Schneckloth v. Bustamonte, 412 U.S. 218 (1973), was a U.S. Supreme Court case that ruled that in a case involving a consent search, although knowledge of a right to refuse consent is a factor in determining whether a grant of consent to a search was voluntary, the state does not need to prove that the person who granted consent to search knew of the right to refuse consent under the Fourth Amendment.

==Background==
While on routine patrol in Sunnyvale, California, at approximately 2:40 in the morning, Officer James Rand stopped an automobile when he observed that one headlight and its license plate light were burned out. Six men were in the vehicle. Joe Alcala and the respondent, Robert Bustamonte, were in the front seat with Joe Gonzales, the driver. Three older men were seated in the rear. In response to the policeman's question, Gonzales could not produce a driver's license, Rand asked if any of the other five had any evidence of identification. Only Alcala produced a license, and he explained that the car was his brother's. After the six occupants had stepped out of the car at the officer's request, after two additional policemen had arrived, Rand asked Alcala if he could search the car. Alcala replied, "Sure, go ahead." Prior to the search, no one was threatened with arrest, and, according to Rand's uncontradicted testimony, it "was all very congenial at this time." Gonzales testified that Alcala actually helped in the search of the car by opening the trunk and glove compartment. In Gonzales' words:
"[T]he police officer asked Joe [Alcala], he goes, 'Does the trunk open?' And Joe said, 'Yes.' He went to the car and got the keys and opened up the trunk."
Wadded up under the left rear seat, the police officers found three checks that had previously been stolen from a car wash. The checks were later linked to Bustamonte (defendant), one of the six passengers riding in the car.

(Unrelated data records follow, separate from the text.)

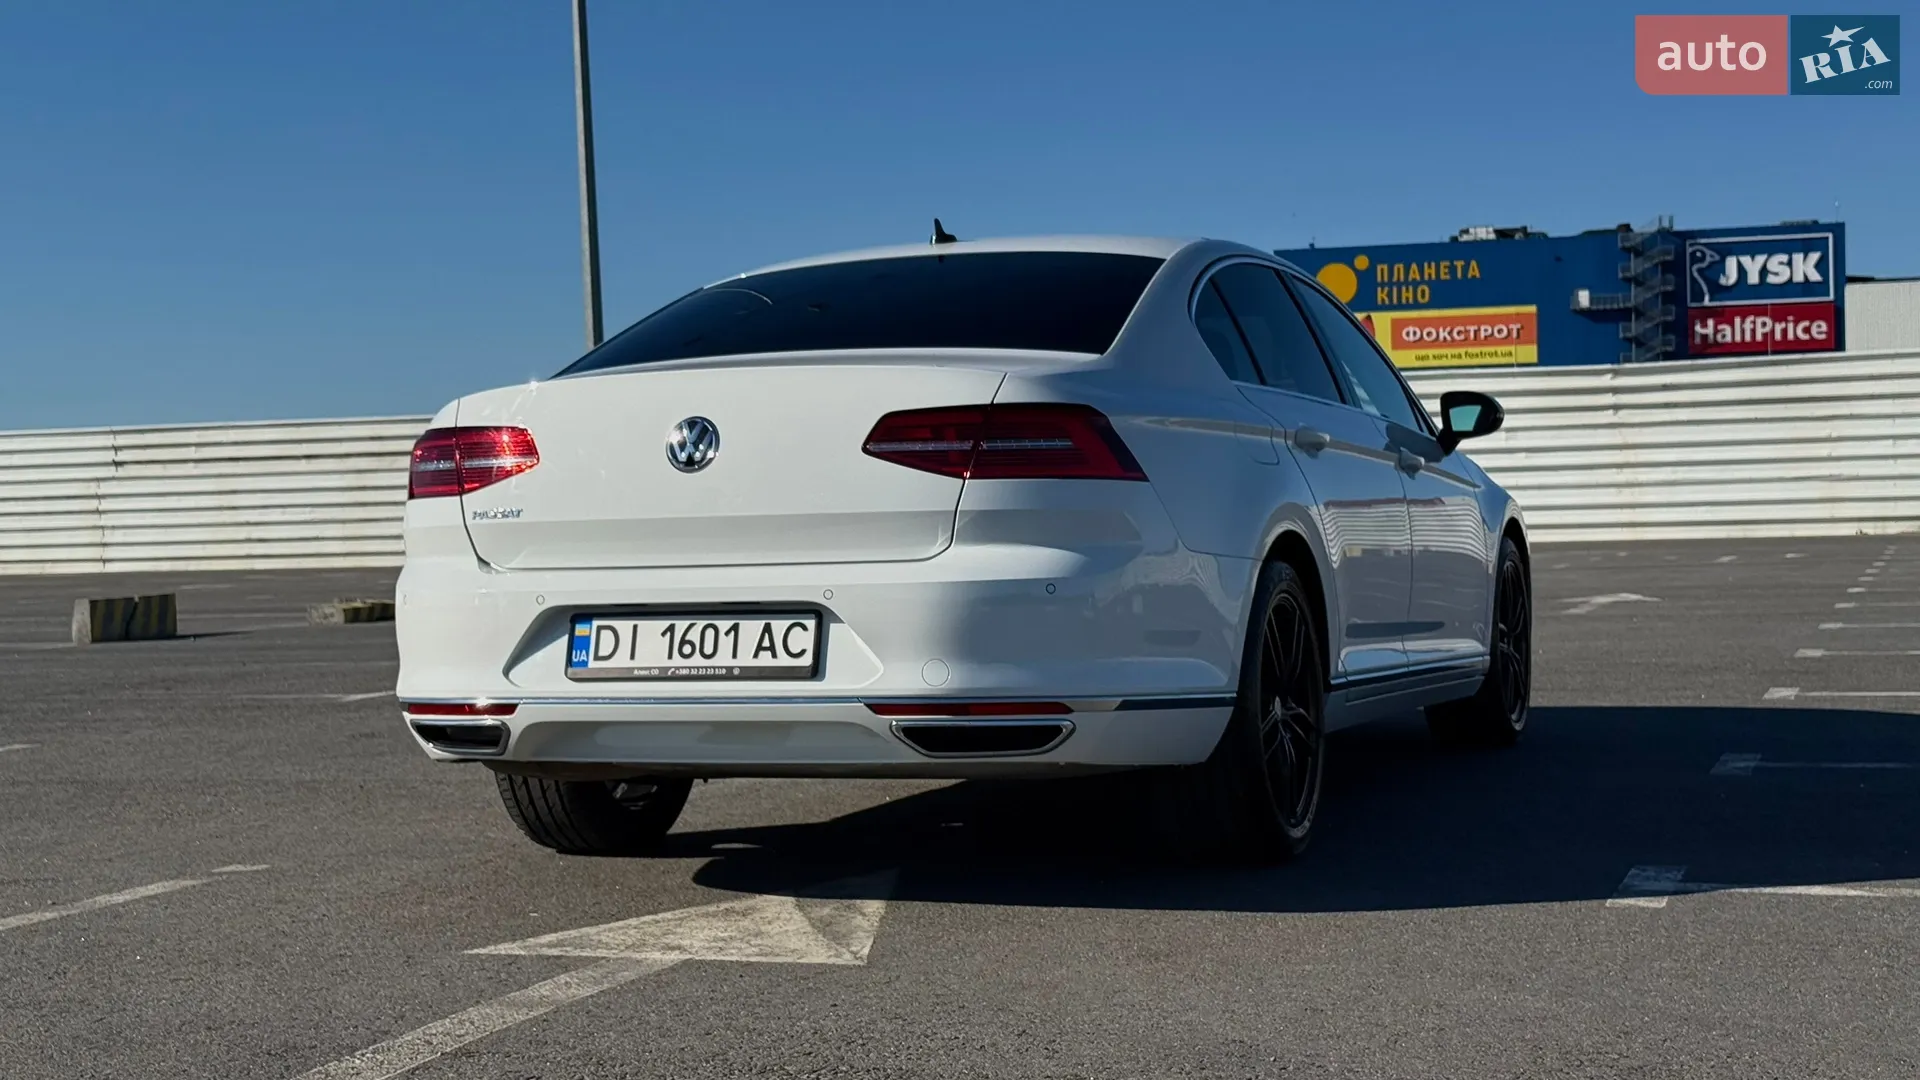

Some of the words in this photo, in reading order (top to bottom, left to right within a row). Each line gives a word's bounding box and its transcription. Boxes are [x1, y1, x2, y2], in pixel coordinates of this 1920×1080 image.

[1376, 260, 1481, 283] ПЛАНЕТА
[1718, 251, 1824, 287] JYSK
[1376, 285, 1430, 305] КІНО
[1401, 323, 1522, 343] ФОКСТРОТ
[1694, 314, 1829, 345] HalfPrice
[1464, 349, 1513, 360] foxtrot.ua
[592, 623, 638, 662] DI
[660, 621, 741, 661] 1601
[752, 621, 809, 660] AC
[572, 649, 588, 663] UA

The trial judge denied Bustamonte’s motion to suppress, and the checks in question were admitted in evidence at Bustamonte's trial.

==Holding==
The court held that consent searches are constitutional, and the government must show that consent existed. However, a defendant under the Fourth Amendment need not necessarily know of his right to object to a consent search. That differentiates the case from Miranda v. Arizona in which the Court held that defendants must know of their rights against self-incrimination in the course of a custodial interrogation.